**EXERCISE AIM:**
An unchanged copy of every record below, without pictures, is the goal.

━━━━━━━━━━━━━━━━

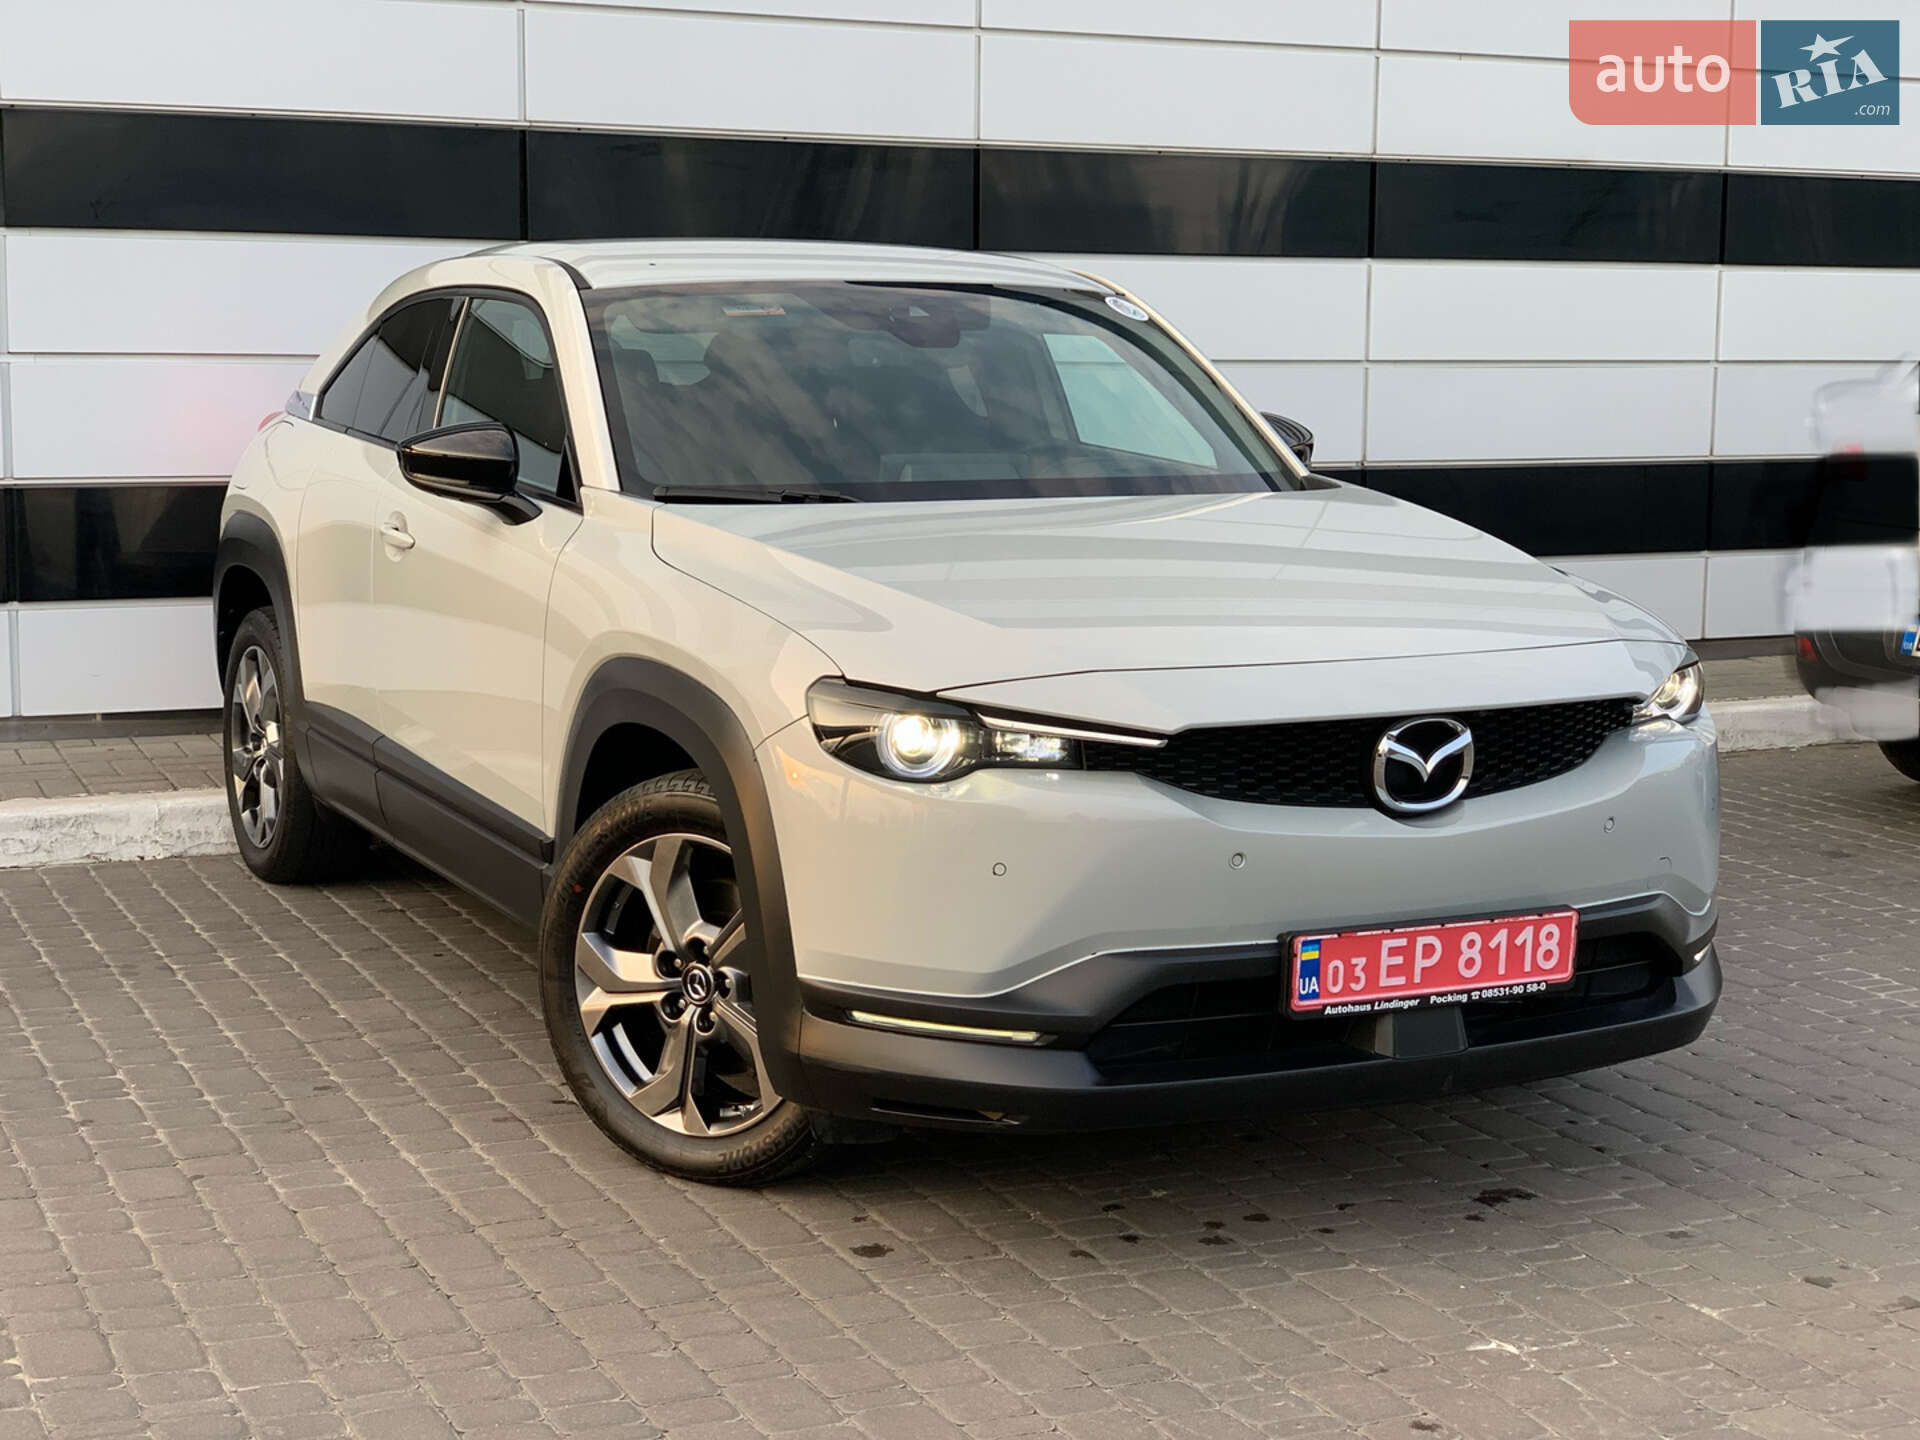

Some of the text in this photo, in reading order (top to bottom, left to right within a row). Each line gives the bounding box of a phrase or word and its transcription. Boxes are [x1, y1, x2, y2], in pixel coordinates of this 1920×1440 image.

[1326, 923, 1561, 994] 03 EP 8118
[1299, 976, 1320, 995] UA
[1324, 1003, 1372, 1015] Autohaus
[1374, 998, 1420, 1009] Lindinger
[1430, 993, 1468, 1004] Pocking
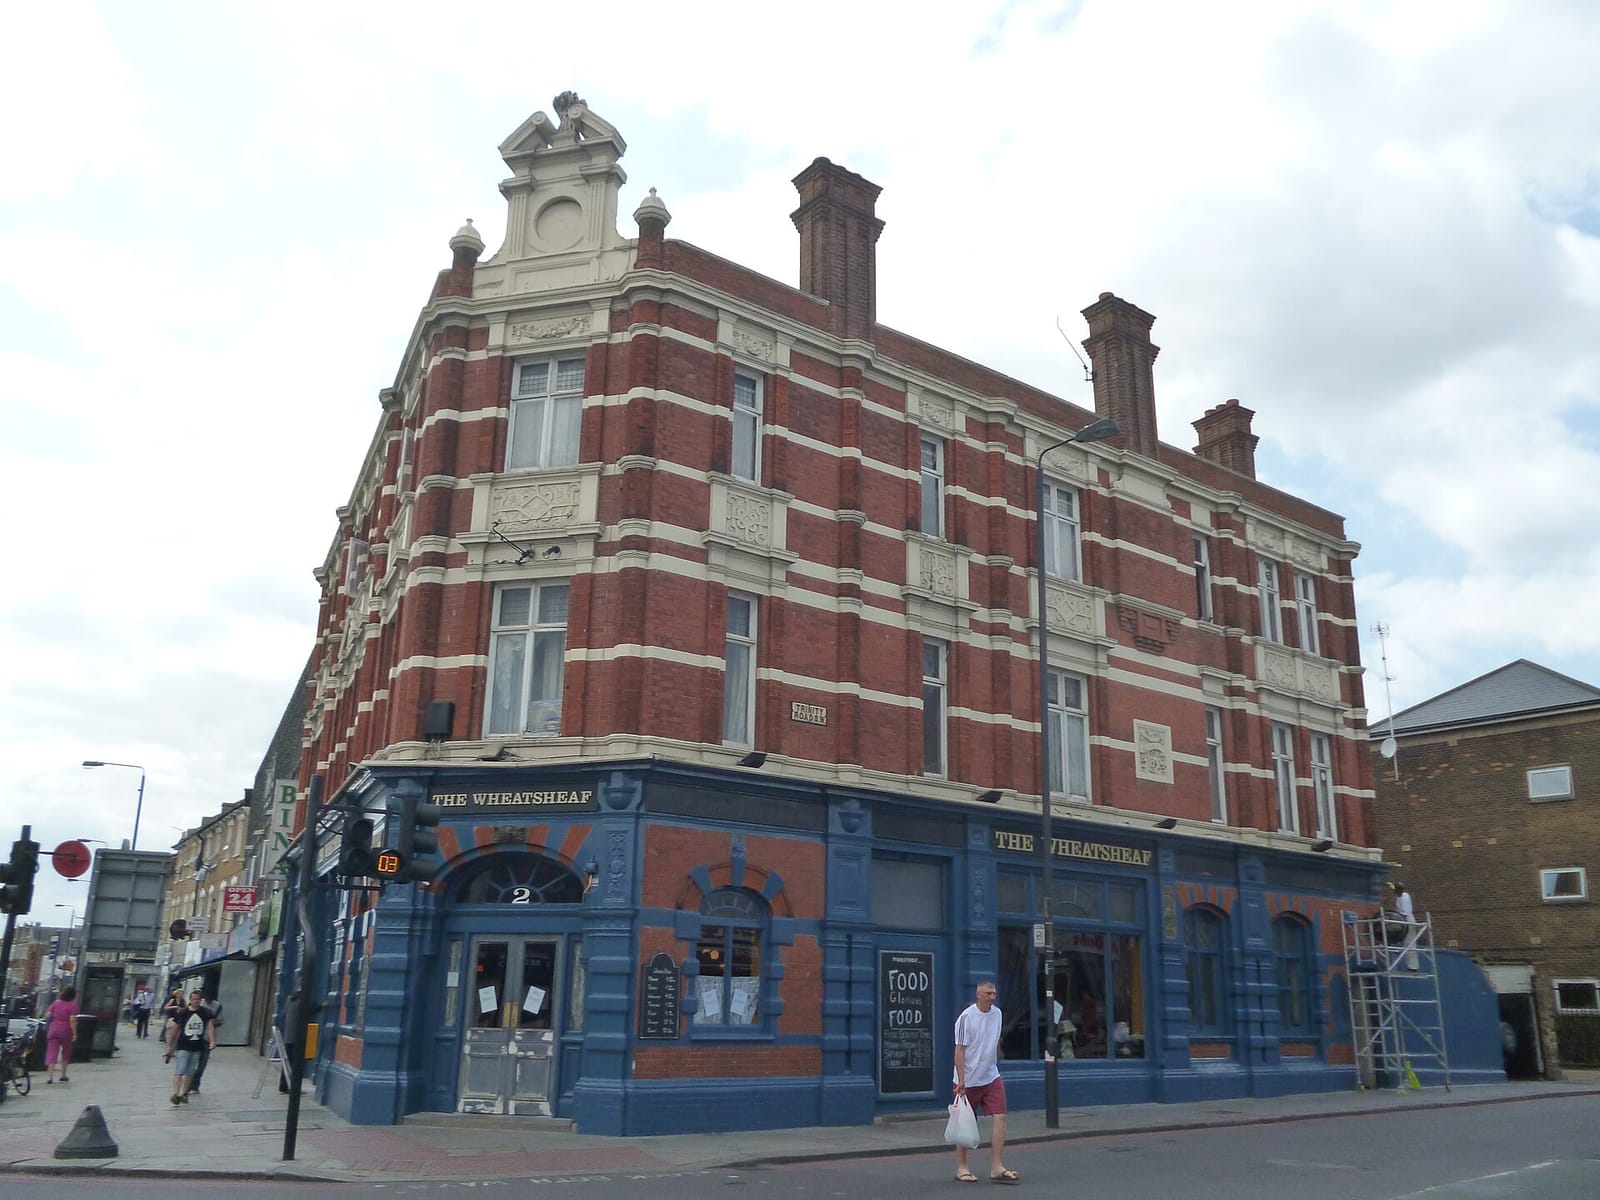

━━━━━━━━━━━━━━━━

**TASK OUTPUT:**
Some of the text in this photo, in reading order (top to bottom, left to right within a row). Each line gives the bounding box of a phrase or word and its transcription. Boxes are [x1, y1, x2, y2], in pixel coordinates of this 1920×1440 image.

[1326, 923, 1561, 994] 03 EP 8118
[1299, 976, 1320, 995] UA
[1324, 1003, 1372, 1015] Autohaus
[1374, 998, 1420, 1009] Lindinger
[1430, 993, 1468, 1004] Pocking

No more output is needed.